What you will do →
Please give again, exactly and in full, each line from the one holding "this 1639×2048 image." to the end of the listing.

Data for analysis →
= = =

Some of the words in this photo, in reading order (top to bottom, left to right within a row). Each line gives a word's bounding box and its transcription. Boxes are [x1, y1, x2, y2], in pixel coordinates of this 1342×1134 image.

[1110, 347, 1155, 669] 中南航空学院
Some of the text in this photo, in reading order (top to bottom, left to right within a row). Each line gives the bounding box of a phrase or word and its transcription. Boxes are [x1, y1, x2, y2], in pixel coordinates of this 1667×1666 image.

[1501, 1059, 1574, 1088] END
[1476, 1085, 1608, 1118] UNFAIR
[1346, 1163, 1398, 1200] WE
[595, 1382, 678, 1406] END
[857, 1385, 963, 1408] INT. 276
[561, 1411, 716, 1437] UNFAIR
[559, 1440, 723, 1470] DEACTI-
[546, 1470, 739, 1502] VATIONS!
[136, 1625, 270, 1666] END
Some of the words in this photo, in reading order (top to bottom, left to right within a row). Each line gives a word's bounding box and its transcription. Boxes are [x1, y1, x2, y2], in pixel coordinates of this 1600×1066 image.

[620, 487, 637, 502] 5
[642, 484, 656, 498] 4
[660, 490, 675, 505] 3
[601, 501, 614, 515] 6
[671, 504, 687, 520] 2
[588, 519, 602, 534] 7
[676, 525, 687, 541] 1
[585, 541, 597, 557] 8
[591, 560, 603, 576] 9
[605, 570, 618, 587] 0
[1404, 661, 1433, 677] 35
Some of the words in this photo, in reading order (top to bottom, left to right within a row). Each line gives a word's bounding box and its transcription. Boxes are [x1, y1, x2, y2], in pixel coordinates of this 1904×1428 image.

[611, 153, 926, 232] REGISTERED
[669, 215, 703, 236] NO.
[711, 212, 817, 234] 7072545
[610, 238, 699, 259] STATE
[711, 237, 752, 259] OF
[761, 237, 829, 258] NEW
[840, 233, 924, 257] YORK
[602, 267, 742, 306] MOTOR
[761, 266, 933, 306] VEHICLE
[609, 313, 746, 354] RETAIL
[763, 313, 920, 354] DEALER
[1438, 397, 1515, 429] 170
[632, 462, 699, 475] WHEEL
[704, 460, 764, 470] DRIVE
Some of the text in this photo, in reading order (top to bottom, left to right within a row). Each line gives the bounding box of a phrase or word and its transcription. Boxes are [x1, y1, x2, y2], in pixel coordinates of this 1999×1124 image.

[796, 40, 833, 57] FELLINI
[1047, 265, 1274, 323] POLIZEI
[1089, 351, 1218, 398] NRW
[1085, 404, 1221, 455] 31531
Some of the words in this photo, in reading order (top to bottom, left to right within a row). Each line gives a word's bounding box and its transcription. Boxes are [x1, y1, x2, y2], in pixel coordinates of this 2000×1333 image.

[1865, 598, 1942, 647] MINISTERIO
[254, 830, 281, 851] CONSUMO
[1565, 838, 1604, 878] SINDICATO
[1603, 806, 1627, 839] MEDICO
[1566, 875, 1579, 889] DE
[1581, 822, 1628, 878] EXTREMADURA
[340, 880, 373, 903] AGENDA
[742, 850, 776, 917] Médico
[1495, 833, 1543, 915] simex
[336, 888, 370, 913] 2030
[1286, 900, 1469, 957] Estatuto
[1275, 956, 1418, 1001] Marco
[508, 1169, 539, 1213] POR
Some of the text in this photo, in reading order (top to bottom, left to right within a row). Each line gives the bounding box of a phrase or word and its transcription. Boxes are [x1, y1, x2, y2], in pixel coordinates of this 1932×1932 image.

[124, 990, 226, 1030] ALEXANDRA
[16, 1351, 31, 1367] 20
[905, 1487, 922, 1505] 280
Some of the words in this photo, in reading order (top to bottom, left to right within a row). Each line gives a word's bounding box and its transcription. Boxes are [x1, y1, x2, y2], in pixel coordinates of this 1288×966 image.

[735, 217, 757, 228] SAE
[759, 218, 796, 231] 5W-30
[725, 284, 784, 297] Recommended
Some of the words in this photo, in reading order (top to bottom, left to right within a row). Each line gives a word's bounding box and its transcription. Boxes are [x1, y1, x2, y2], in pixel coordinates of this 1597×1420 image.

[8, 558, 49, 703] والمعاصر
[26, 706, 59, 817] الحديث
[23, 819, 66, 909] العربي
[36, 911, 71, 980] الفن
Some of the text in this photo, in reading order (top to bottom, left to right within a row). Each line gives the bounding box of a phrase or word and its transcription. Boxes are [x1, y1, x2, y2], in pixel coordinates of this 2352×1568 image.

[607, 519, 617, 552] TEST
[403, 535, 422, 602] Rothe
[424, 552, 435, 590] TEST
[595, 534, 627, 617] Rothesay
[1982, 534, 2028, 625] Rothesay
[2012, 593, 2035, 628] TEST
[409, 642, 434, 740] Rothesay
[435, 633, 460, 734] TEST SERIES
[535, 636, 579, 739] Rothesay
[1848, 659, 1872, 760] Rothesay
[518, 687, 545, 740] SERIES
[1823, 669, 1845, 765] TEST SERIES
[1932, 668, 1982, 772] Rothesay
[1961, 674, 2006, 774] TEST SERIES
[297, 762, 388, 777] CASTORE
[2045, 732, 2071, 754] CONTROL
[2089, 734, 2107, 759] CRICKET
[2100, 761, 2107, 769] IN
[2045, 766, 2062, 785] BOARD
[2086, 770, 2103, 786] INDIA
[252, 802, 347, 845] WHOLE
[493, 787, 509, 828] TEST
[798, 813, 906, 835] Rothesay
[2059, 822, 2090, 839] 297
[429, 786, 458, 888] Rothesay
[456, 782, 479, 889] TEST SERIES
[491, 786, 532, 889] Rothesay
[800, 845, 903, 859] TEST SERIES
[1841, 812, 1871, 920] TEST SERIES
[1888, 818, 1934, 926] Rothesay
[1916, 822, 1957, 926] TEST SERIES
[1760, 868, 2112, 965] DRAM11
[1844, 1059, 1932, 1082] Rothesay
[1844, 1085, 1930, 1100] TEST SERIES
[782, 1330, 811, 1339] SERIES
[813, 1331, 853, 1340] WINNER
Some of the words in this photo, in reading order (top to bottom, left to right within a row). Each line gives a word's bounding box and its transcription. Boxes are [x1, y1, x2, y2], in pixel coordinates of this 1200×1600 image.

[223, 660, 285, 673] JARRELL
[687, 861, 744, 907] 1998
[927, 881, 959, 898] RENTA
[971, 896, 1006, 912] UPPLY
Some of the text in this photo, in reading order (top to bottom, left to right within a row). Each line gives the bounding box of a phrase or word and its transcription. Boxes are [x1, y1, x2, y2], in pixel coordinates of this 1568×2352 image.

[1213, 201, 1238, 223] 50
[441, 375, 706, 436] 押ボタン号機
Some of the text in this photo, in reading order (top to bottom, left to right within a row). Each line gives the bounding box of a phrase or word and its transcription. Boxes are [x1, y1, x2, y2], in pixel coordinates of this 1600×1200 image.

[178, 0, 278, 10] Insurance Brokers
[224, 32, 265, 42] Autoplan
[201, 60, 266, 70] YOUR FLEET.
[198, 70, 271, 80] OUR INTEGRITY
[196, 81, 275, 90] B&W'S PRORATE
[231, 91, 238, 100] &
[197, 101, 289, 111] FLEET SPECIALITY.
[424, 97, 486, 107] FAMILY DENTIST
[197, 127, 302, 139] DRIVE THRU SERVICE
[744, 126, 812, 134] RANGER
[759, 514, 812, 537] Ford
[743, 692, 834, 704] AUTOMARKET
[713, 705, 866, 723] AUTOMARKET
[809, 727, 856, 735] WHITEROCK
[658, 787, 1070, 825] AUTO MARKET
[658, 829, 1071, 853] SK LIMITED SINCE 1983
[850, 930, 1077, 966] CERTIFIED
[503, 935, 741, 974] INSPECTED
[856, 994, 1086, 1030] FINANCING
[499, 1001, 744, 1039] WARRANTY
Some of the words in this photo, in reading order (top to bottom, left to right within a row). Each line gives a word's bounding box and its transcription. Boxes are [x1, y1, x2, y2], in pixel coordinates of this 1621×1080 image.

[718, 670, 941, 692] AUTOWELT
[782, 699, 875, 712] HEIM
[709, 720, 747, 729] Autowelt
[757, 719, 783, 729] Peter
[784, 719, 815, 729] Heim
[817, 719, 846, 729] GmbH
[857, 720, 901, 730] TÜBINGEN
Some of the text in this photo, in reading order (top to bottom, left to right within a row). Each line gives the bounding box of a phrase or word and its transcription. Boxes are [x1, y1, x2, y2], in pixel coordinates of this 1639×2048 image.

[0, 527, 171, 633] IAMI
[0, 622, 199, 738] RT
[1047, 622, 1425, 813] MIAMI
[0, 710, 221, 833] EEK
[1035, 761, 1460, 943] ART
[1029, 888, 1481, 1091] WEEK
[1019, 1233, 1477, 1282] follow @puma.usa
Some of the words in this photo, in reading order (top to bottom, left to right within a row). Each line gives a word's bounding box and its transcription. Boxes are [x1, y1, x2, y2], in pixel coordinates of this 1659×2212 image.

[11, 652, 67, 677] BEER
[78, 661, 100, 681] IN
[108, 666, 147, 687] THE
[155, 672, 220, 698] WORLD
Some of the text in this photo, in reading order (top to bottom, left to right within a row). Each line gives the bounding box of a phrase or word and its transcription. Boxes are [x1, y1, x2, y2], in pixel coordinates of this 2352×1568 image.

= = =

Solution to this task →
Some of the text in this photo, in reading order (top to bottom, left to right within a row). Each line gives the bounding box of a phrase or word and its transcription. Boxes are [x1, y1, x2, y2], in pixel coordinates of this 1639×2048 image.

[0, 527, 171, 633] IAMI
[0, 622, 199, 738] RT
[1047, 622, 1425, 813] MIAMI
[0, 710, 221, 833] EEK
[1035, 761, 1460, 943] ART
[1029, 888, 1481, 1091] WEEK
[1019, 1233, 1477, 1282] follow @puma.usa
Some of the words in this photo, in reading order (top to bottom, left to right within a row). Each line gives a word's bounding box and its transcription. Boxes are [x1, y1, x2, y2], in pixel coordinates of this 1659×2212 image.

[11, 652, 67, 677] BEER
[78, 661, 100, 681] IN
[108, 666, 147, 687] THE
[155, 672, 220, 698] WORLD
Some of the text in this photo, in reading order (top to bottom, left to right within a row). Each line gives the bounding box of a phrase or word and its transcription. Boxes are [x1, y1, x2, y2], in pixel coordinates of this 2352×1568 image.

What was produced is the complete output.